(Collected data entries)
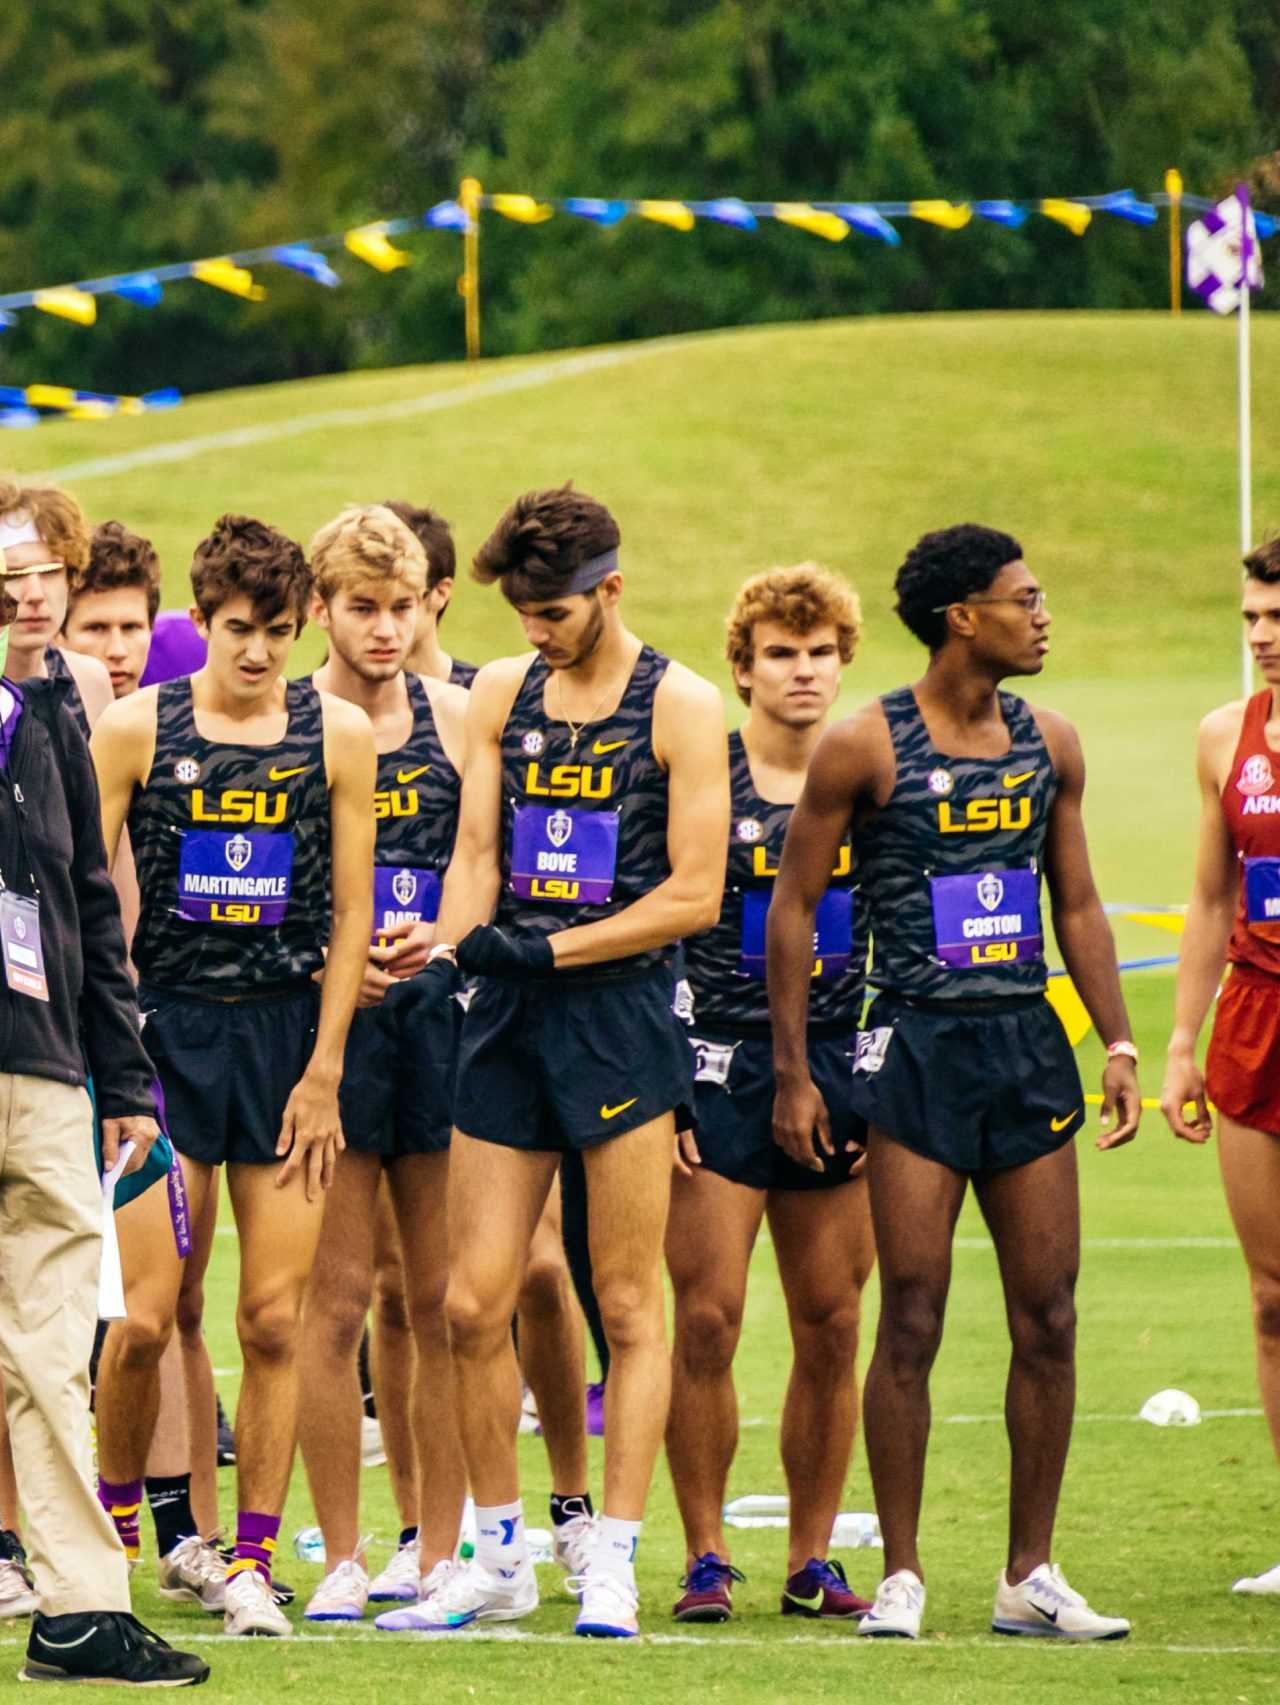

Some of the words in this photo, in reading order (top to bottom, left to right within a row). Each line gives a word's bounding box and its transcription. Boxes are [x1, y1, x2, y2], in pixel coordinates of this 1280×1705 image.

[526, 762, 614, 799] LSU
[191, 789, 288, 824] LSU
[373, 788, 419, 819] SU
[938, 797, 1031, 833] LSU
[536, 851, 577, 873] BOVE
[184, 873, 286, 896] MARTINGAYLE
[531, 879, 580, 900] LSU
[210, 903, 261, 923] LSU
[962, 914, 1022, 938] COSTON
[971, 942, 1017, 964] LSU
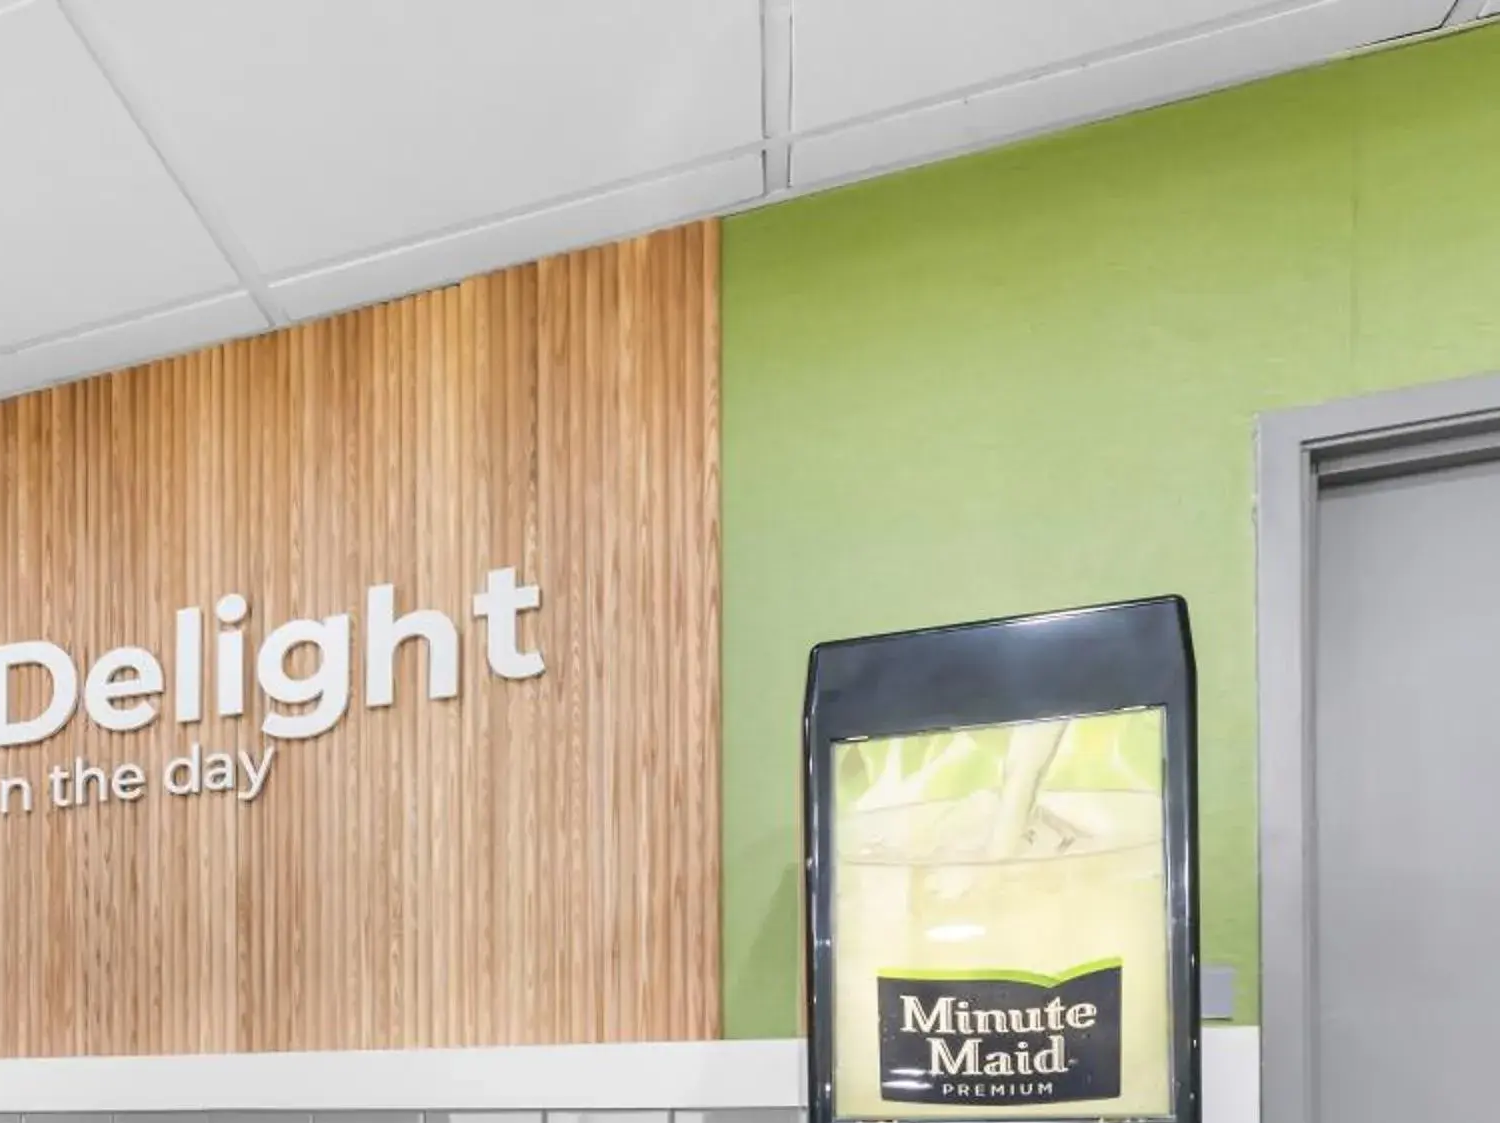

Try it
Every line above should be transcribed exactly, though no image should be carried over.

The answer
Some of the words in this photo, in reading order (top to bottom, left to right within a row). Each line gives a word's bounding box and its transcription. Boxes are [x1, y1, x2, y2], in pixel coordinates of this 1280×1705 image.

[526, 762, 614, 799] LSU
[191, 789, 288, 824] LSU
[373, 788, 419, 819] SU
[938, 797, 1031, 833] LSU
[536, 851, 577, 873] BOVE
[184, 873, 286, 896] MARTINGAYLE
[531, 879, 580, 900] LSU
[210, 903, 261, 923] LSU
[962, 914, 1022, 938] COSTON
[971, 942, 1017, 964] LSU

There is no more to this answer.